Schritt 5 Vordergrundskizze – Orientierung

So wie Du vorher den Hintergrund anskizziert hast, um eine Orientierung auf dem Blatt zu erhalten, so verfahre auch jetzt mit dem Vordergrund. Dazu einige Hinweise:

  • Fang auch hier erstmal verhalten an, werde dann aber sehr viel akzentuierter und dunkler
  • Teilweise wirst Du über die Hintergrundskizze hinwegzeichnen müssen. Wirst Du den Vordergrund hier sehr deutlich setzen, wird er sich sehr stark vom Hintergrund abheben. Bleibst Du teilweise verhalten, verbinden sich Hintergrund und Vordergrund mehr. Am Ende kommt es darauf an, was Du möchtest. Es gibt kein Richtig oder Falsch.

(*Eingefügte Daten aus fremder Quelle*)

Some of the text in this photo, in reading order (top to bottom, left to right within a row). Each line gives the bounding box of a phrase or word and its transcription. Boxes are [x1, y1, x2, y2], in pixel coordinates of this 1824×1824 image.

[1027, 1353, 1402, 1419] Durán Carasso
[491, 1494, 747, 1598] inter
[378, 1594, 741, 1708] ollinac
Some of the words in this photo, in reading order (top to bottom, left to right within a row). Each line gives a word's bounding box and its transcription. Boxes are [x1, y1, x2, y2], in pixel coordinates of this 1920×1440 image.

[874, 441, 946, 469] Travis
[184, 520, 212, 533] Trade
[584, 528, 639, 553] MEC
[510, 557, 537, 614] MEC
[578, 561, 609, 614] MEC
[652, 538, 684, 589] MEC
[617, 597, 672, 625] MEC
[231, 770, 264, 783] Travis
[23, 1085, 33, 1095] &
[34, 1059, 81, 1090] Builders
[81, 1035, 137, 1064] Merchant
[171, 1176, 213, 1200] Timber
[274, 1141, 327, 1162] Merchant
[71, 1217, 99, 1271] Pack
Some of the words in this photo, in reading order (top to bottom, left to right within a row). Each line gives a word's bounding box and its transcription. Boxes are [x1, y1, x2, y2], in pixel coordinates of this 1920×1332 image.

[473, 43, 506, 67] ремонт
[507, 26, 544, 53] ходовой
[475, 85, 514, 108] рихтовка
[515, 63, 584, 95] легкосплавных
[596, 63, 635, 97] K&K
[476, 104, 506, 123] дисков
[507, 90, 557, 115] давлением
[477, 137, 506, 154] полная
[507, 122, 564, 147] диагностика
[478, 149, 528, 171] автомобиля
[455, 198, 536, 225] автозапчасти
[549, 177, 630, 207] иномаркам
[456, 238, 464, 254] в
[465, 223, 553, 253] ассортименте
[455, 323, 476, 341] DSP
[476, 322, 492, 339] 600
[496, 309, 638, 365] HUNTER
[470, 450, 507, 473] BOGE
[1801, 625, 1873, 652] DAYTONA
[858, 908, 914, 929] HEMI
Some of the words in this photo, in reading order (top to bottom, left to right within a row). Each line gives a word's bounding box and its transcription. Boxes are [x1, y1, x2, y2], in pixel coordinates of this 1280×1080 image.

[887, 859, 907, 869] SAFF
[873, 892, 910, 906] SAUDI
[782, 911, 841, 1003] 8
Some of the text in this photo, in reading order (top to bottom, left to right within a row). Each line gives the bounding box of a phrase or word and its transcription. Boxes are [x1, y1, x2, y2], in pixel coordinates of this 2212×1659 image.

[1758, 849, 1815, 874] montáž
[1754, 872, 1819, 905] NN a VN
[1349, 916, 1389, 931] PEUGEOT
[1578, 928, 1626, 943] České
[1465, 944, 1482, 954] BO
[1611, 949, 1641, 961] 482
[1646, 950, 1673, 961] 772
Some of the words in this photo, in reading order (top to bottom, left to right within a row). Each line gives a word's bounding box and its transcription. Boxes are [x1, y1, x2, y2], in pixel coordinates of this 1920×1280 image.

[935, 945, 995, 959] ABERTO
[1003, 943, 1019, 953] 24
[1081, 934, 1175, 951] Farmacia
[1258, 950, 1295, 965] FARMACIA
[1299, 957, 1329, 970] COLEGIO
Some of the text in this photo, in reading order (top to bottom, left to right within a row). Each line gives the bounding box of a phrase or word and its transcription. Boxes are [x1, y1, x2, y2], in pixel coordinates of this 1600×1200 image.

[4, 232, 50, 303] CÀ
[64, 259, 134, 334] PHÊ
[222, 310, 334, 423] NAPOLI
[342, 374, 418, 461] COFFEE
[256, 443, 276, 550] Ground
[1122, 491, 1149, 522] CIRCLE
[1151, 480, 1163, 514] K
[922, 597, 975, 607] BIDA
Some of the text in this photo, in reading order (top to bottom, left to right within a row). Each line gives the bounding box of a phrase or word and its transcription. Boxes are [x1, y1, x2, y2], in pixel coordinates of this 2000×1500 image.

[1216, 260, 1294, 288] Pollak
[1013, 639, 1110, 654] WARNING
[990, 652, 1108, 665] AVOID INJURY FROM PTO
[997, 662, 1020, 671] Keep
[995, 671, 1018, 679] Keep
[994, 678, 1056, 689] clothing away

Es gibt nur eine Absicht oder ein Ziel.

Schritt 6 Schwärzen

Skizziere alle Schwärzen, teilweise flächig, teilweise extrem an den realistischen Richtungen orientiert, wie auch in der letzten Woche. Arbeit extrem dunkel und versuche schnell zu sein.

Schritt 7 Details – Ausformulierungen – Schwerpunkte

Nun nimm Dir nach und nach alle Details aus dem Vordergrund hervor und schraffiere sie so aus, wie Du es letztes Mal gelernt hast.

Bei diesen Ausformulierungen, linear und als Schraffuren, versuche darauf zu achten, dass Du einen Bereich mehr herausarbeitest als die anderen, um so einen Schwerpunkt zu schaffen. Denn auch wenn wir mit 2 verschiedenen Ebenen arbeiten und so bereits den Blick leiten und lenken, können wir das innerhalb der einzelnen Bereiche natürlich auch machen. Um so komplexer wird eine Zeichnung.


Schritt 8 Akzente

Zum Abschluss schaffe einfach nochmal einige lineare Akzente im Vordergrund und bringe so noch einmal Lebendigkeit und Kraft ins Spiel.


 Hat es geklappt?

Es gibt viele verschiedene Landschaftsformen und nicht immer geht es um unterschiedliche Ebenen. Wenn Du andere Landschaften siehst, überlege immer mal wieder, welche anderen Ambitionen es gäbe, welche anderen Aussagen oder Gefühle. Landschaften bieten wesentlich mehr als ihnen heute in der zeitgenössischen Kunst noch zugestanden wird.

Reflektion

1. Haben die unterschiedlichen Bildebenen geklappt? Sind sie für Dich unterscheidbar? Wodurch? Wie könntest Du sie noch unterscheidbarer machen? Wie könntest Du die Ebenen mehr angleichen?

2. Wie hätte das Ganze in Farbe ausgesehen? Was hättest Du dann zusätzlich bearbeiten bzw. beachten müssen?

3. Hätte das Ganze auch geklappt, wenn Du den Vordergrund so zart erarbeitet hättest und den Hintergrund so massiv? Was wäre im Wesentlichen anders gewesen? Würde sich der Inhalt der Zeichnung ändern?

Habe eine wunderbare Woche mit einem anderen Blick auf die Landschaften, die Dich täglich umgeben.